Brian Contos, vice president and chief information officer for advanced threat for Blue Coat, sees it as offering “marginal value… because it lacks the carrot or the stick” as incentives to adopt better cyber security protocols.
Indeed, a study from George Mason University's Mercatus Center released in mid-April went so far as to claim that the framework could end up being more of a hindrance to supporting critical infrastructure in its efforts to mitigate risk than a help. The Mercatus report expounds that the government's document is too rigid in its guidance and ultimately could end up holding back the “spontaneous, creative sources of experimentation and feedback that drive internet innovation.”
Even Tousley (right) admits there is a challenge when it comes to putting words into practice. “The most significant challenge, in my opinion, is that the executive order [extends more than] 16 different critical infrastructures, each made up of different companies,” he says. “It's really complicated to implement this across sectors, all making their own risk investments and decisions.”

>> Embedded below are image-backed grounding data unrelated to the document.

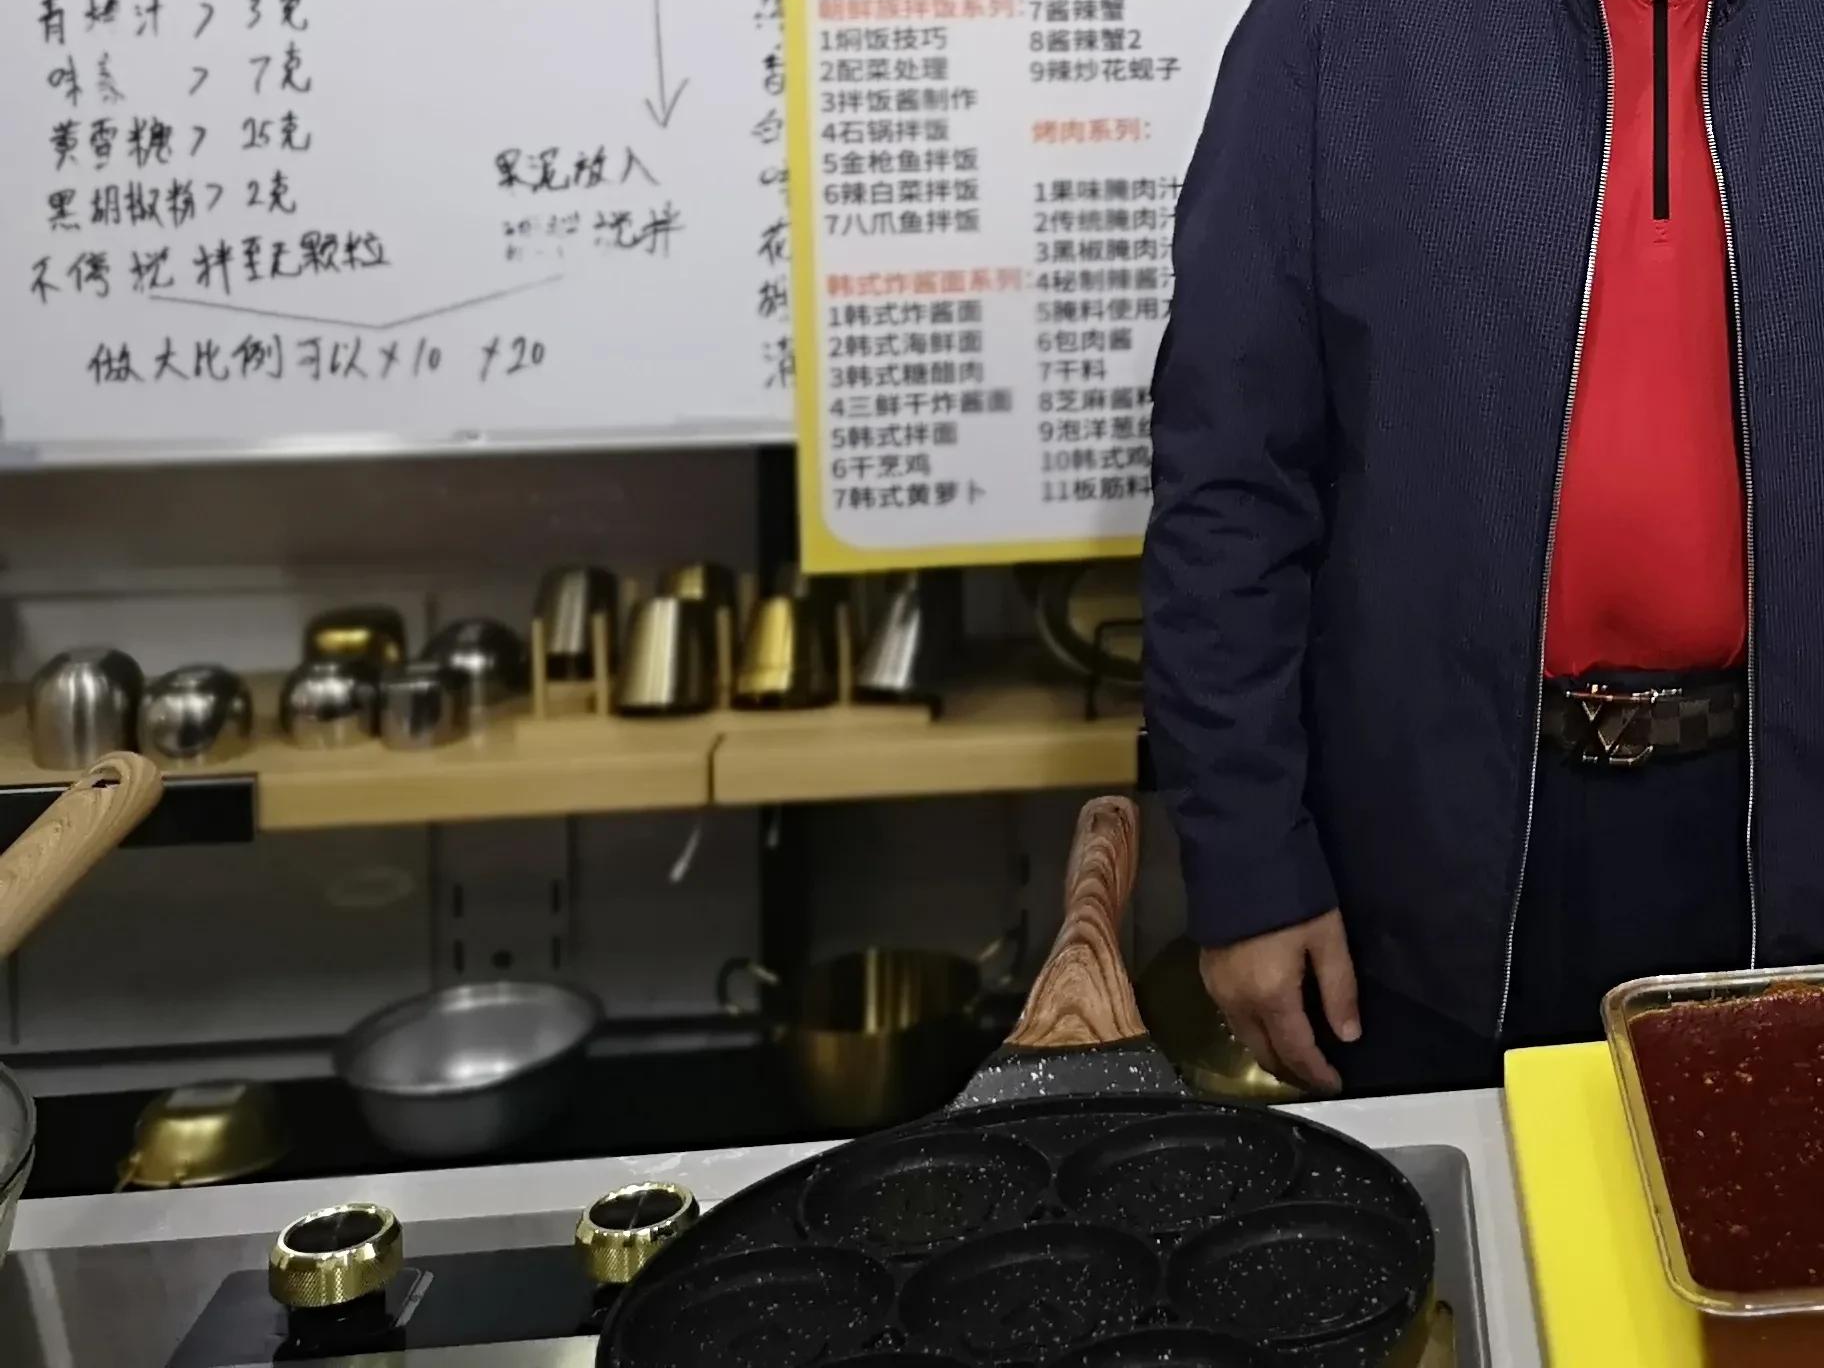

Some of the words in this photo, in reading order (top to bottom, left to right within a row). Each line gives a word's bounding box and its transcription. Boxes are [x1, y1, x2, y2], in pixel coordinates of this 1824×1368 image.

[819, 26, 948, 52] 1焖饭技巧
[1029, 28, 1142, 53] 8酱辣蟹2
[248, 39, 312, 94] 7克
[819, 56, 948, 83] 2配菜处理
[1029, 56, 1182, 83] 9辣炒花蚬子
[820, 86, 978, 114] 3拌饭酱制作
[821, 117, 950, 144] 4石锅拌饭
[822, 147, 979, 175] 5金枪鱼拌饭
[48, 178, 196, 231] 黑胡椒粉
[247, 169, 297, 215] 2克
[823, 178, 980, 206] 6辣白菜拌饭
[824, 208, 981, 236] 7八爪鱼拌饭
[828, 299, 982, 328] 1韩式炸酱面
[829, 329, 983, 358] 2韩式海鲜面
[1036, 327, 1132, 353] 6包肉酱
[829, 360, 984, 389] 3韩式糖醋肉
[1039, 357, 1106, 382] 7干料
[829, 387, 1013, 419] 4三鲜干炸酱面
[831, 420, 958, 449] 5韩式拌面
[832, 452, 931, 480] 6干烹鸡
[833, 479, 986, 510] 7韩式黄萝卜

For his part, Pirc defends the framework as a successful cross-industry collaboration that “might be vague in some areas, but I think that is largely because there are many different industry verticals that adopt the framework and every industry has different requirements.”

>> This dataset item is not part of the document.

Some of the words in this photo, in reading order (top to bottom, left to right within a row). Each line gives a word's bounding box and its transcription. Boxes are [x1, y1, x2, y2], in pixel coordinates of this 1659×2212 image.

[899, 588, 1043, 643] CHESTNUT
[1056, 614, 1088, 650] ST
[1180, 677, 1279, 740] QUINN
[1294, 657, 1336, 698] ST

The point, he says, is that one must leave some room in the framework for those variances. “As for those who think the framework is too rigid…well, often there are people who want to simply keep applying the same old security best practices and who aren't very willing to change. As a security professional, I would say that if you aren't willing to venture outside of your comfort zone in how you approach security, then you might want to make sure you've invested in some great cyber insurance.”
Whether or not they are content with this first iteration of guidance, most supporters and critics do believe that the framework will likely evolve or, at minimum, serve to help direct the security and risk mitigation efforts within specific industries. “I do think we'll see a version 2.0 at some point,” says Landfield, adding that the next step needs to be outreach – getting organizations to adopt the framework and apply it to their own sectors. George believes the second iteration of the NIST Cybersecurity Framework will most likely have to add incentives for adoption, “since the current voluntary concept will keep adoption rates at very low levels.”

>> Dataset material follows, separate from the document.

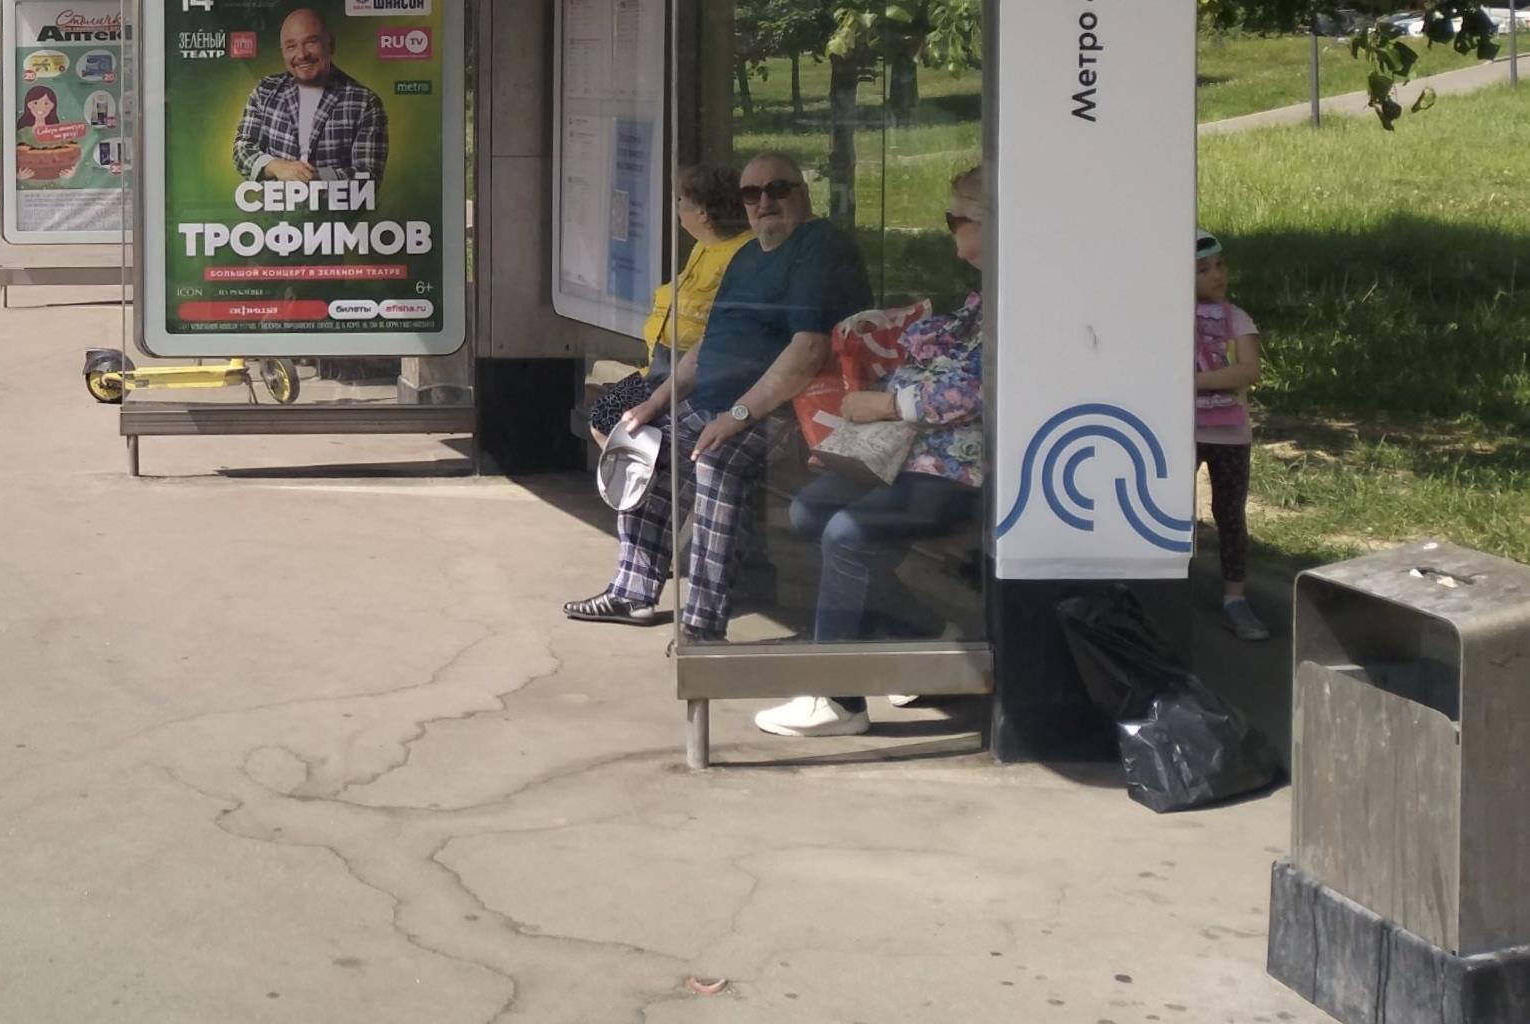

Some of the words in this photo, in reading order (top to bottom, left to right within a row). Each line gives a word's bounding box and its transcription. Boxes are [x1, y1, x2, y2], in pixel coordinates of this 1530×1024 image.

Hammersla says the general feedback is that organizations want to “do something with this… address our cyber security strategy in the context of the framework. In which ways you do that, how much you want to accept that, they're not all sure of exactly how to do that.” Still, he is optimistic that organizations will embrace the vendor- and industry-agnostic guidance and best practices will emerge.
“The framework is a starting point, and more needs to be done by NIST and agencies like DHS, as well as by the companies themselves,” says Tousley.
And, says Pirc, as with anything new, it will take time to gain traction and adoption. “The way I see the framework evolving stems around the employment of metrics. I believe a well-defined set of metrics will serve to showcase the efficacy of the framework and add more validity to the model which will increase the potential for adoption.”